→ RAW DATA
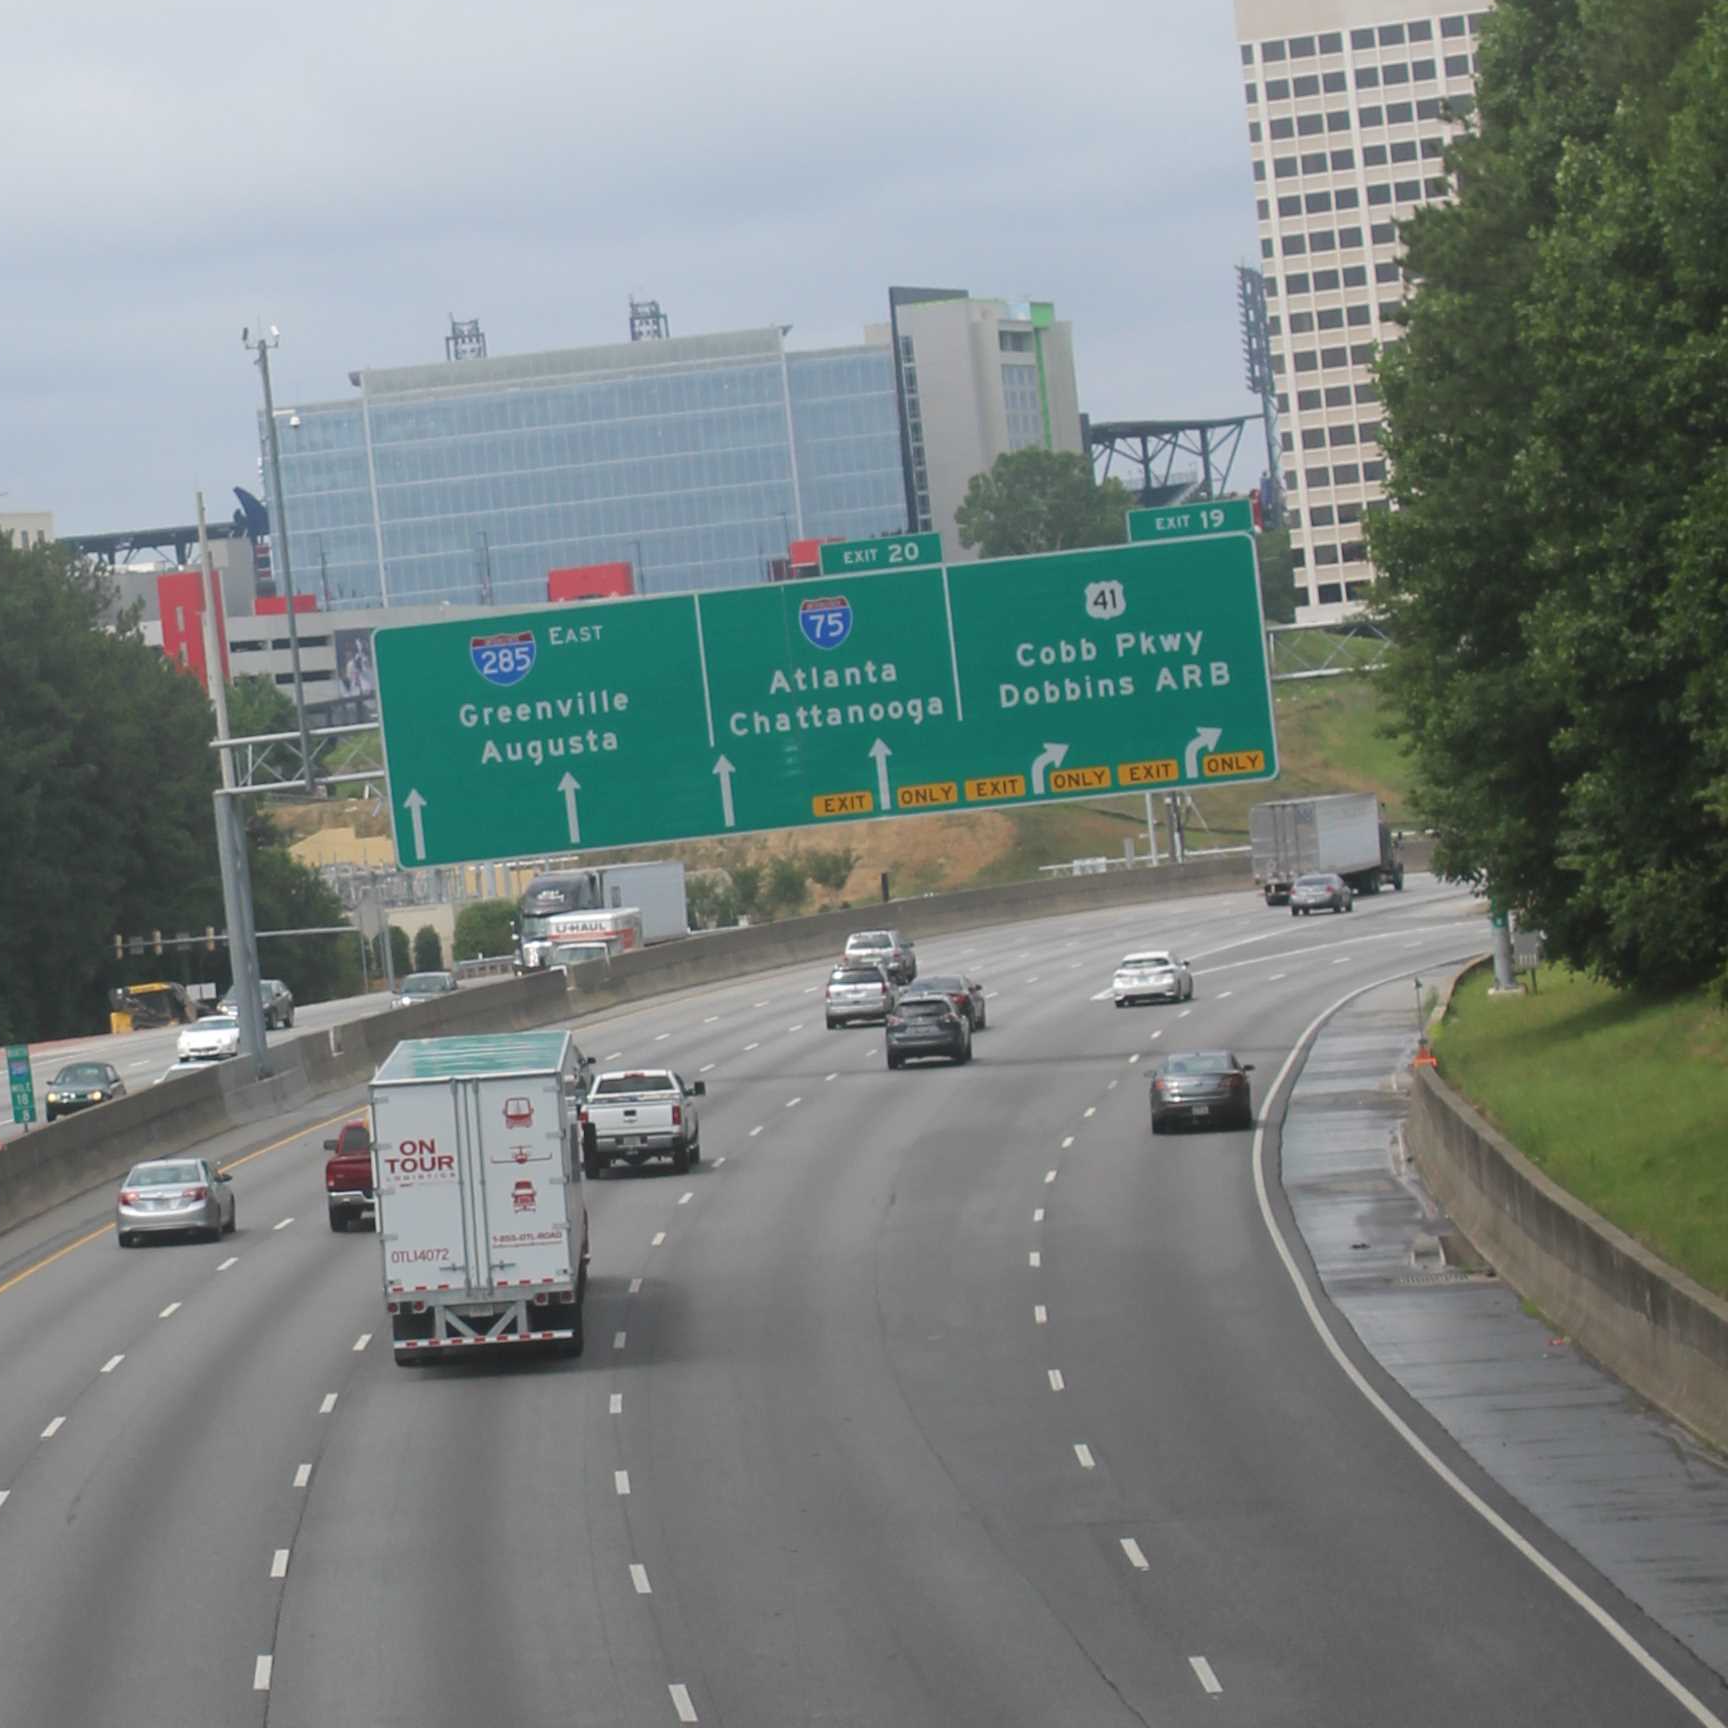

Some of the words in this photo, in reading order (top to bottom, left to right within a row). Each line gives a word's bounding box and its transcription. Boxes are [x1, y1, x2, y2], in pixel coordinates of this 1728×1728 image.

[1154, 514, 1191, 531] EXIT
[1200, 509, 1225, 529] 19
[843, 548, 879, 564] EXIT
[888, 542, 920, 563] 20
[1093, 588, 1118, 611] 41
[548, 625, 604, 646] EAST
[809, 612, 845, 639] 75
[480, 646, 532, 675] 285
[1015, 638, 1098, 668] Cobb
[1115, 629, 1204, 657] Pkwy
[769, 660, 898, 695] Atlanta
[998, 674, 1135, 709] Dobbins
[1155, 661, 1231, 693] ARB
[459, 689, 630, 728] Greenville
[729, 695, 945, 737] Chattanooga
[481, 729, 619, 766] Augusta
[824, 794, 867, 813] EXIT
[900, 785, 954, 806] ONLY
[976, 778, 1019, 798] EXIT
[1053, 770, 1106, 790] ONLY
[1129, 763, 1172, 782] EXIT
[1206, 753, 1259, 774] ONLY
[556, 922, 606, 933] U-HAUL
[399, 1139, 436, 1156] ON
[384, 1155, 455, 1174] TOUR

→ YOUR INSTRUCTIONS
Pictures are to be left out; repeat all the remaining data exactly.

→ RESULT
Some of the words in this photo, in reading order (top to bottom, left to right within a row). Each line gives a word's bounding box and its transcription. Boxes are [x1, y1, x2, y2], in pixel coordinates of this 1728×1728 image.

[1154, 514, 1191, 531] EXIT
[1200, 509, 1225, 529] 19
[843, 548, 879, 564] EXIT
[888, 542, 920, 563] 20
[1093, 588, 1118, 611] 41
[548, 625, 604, 646] EAST
[809, 612, 845, 639] 75
[480, 646, 532, 675] 285
[1015, 638, 1098, 668] Cobb
[1115, 629, 1204, 657] Pkwy
[769, 660, 898, 695] Atlanta
[998, 674, 1135, 709] Dobbins
[1155, 661, 1231, 693] ARB
[459, 689, 630, 728] Greenville
[729, 695, 945, 737] Chattanooga
[481, 729, 619, 766] Augusta
[824, 794, 867, 813] EXIT
[900, 785, 954, 806] ONLY
[976, 778, 1019, 798] EXIT
[1053, 770, 1106, 790] ONLY
[1129, 763, 1172, 782] EXIT
[1206, 753, 1259, 774] ONLY
[556, 922, 606, 933] U-HAUL
[399, 1139, 436, 1156] ON
[384, 1155, 455, 1174] TOUR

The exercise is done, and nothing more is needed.